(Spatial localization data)
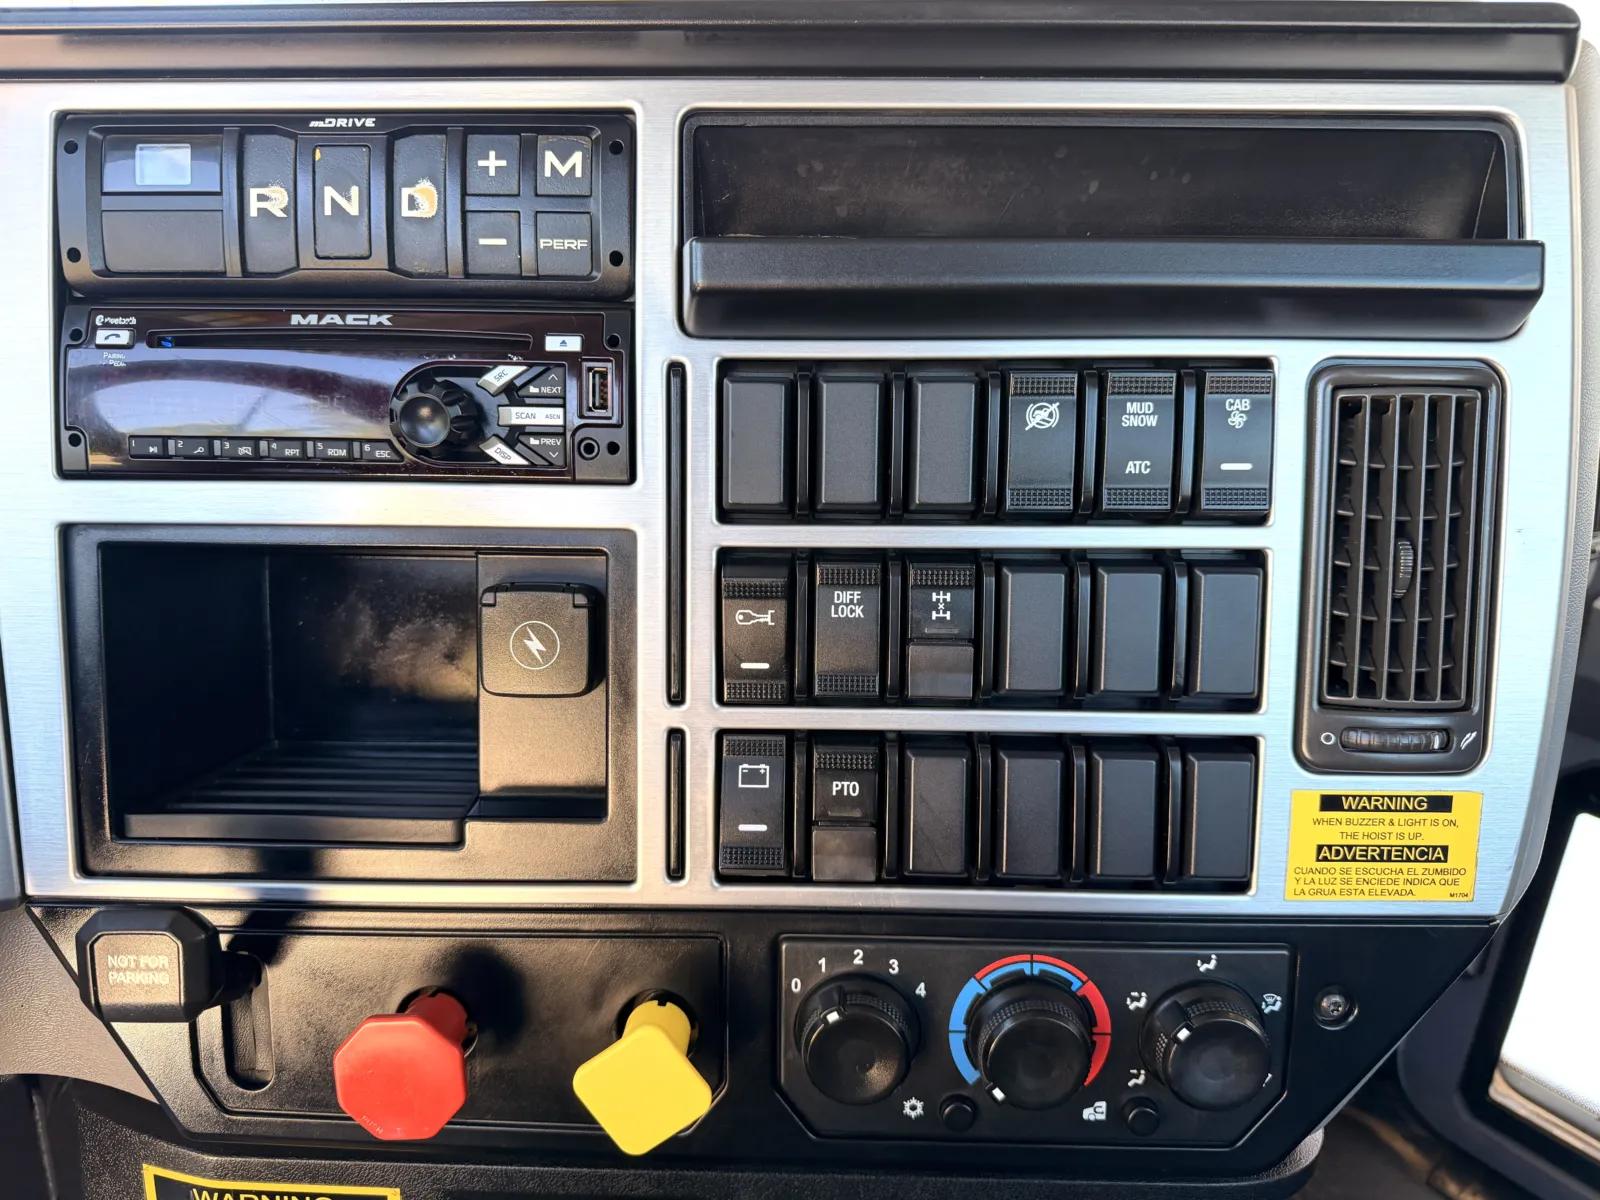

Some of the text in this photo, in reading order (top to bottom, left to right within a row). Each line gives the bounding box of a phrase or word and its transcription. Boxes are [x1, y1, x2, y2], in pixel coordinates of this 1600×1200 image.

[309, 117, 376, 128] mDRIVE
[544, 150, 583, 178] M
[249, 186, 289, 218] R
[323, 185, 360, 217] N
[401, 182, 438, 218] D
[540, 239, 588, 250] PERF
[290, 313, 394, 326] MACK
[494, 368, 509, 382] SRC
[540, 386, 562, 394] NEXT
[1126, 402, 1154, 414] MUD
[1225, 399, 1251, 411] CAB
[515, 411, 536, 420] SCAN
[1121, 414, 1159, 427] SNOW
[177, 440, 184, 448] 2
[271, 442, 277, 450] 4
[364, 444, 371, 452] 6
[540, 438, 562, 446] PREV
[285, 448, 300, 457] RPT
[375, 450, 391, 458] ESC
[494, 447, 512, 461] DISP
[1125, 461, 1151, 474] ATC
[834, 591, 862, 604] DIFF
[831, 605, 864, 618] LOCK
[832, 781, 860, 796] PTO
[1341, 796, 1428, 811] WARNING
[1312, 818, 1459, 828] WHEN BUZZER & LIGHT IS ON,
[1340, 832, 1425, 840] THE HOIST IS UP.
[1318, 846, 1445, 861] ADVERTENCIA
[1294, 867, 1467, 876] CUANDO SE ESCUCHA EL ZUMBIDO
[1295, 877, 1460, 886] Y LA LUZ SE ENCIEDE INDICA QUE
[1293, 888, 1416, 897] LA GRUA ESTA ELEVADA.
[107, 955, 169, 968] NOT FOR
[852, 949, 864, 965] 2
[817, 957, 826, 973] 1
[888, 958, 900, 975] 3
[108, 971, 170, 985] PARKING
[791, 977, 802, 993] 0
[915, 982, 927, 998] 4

=== ASSIGNMENT ===
Output all of the data exactly. Skip the pictures.

=== RESPONSE ===
Some of the text in this photo, in reading order (top to bottom, left to right within a row). Each line gives the bounding box of a phrase or word and its transcription. Boxes are [x1, y1, x2, y2], in pixel coordinates of this 1600×1200 image.

[309, 117, 376, 128] mDRIVE
[544, 150, 583, 178] M
[249, 186, 289, 218] R
[323, 185, 360, 217] N
[401, 182, 438, 218] D
[540, 239, 588, 250] PERF
[290, 313, 394, 326] MACK
[494, 368, 509, 382] SRC
[540, 386, 562, 394] NEXT
[1126, 402, 1154, 414] MUD
[1225, 399, 1251, 411] CAB
[515, 411, 536, 420] SCAN
[1121, 414, 1159, 427] SNOW
[177, 440, 184, 448] 2
[271, 442, 277, 450] 4
[364, 444, 371, 452] 6
[540, 438, 562, 446] PREV
[285, 448, 300, 457] RPT
[375, 450, 391, 458] ESC
[494, 447, 512, 461] DISP
[1125, 461, 1151, 474] ATC
[834, 591, 862, 604] DIFF
[831, 605, 864, 618] LOCK
[832, 781, 860, 796] PTO
[1341, 796, 1428, 811] WARNING
[1312, 818, 1459, 828] WHEN BUZZER & LIGHT IS ON,
[1340, 832, 1425, 840] THE HOIST IS UP.
[1318, 846, 1445, 861] ADVERTENCIA
[1294, 867, 1467, 876] CUANDO SE ESCUCHA EL ZUMBIDO
[1295, 877, 1460, 886] Y LA LUZ SE ENCIEDE INDICA QUE
[1293, 888, 1416, 897] LA GRUA ESTA ELEVADA.
[107, 955, 169, 968] NOT FOR
[852, 949, 864, 965] 2
[817, 957, 826, 973] 1
[888, 958, 900, 975] 3
[108, 971, 170, 985] PARKING
[791, 977, 802, 993] 0
[915, 982, 927, 998] 4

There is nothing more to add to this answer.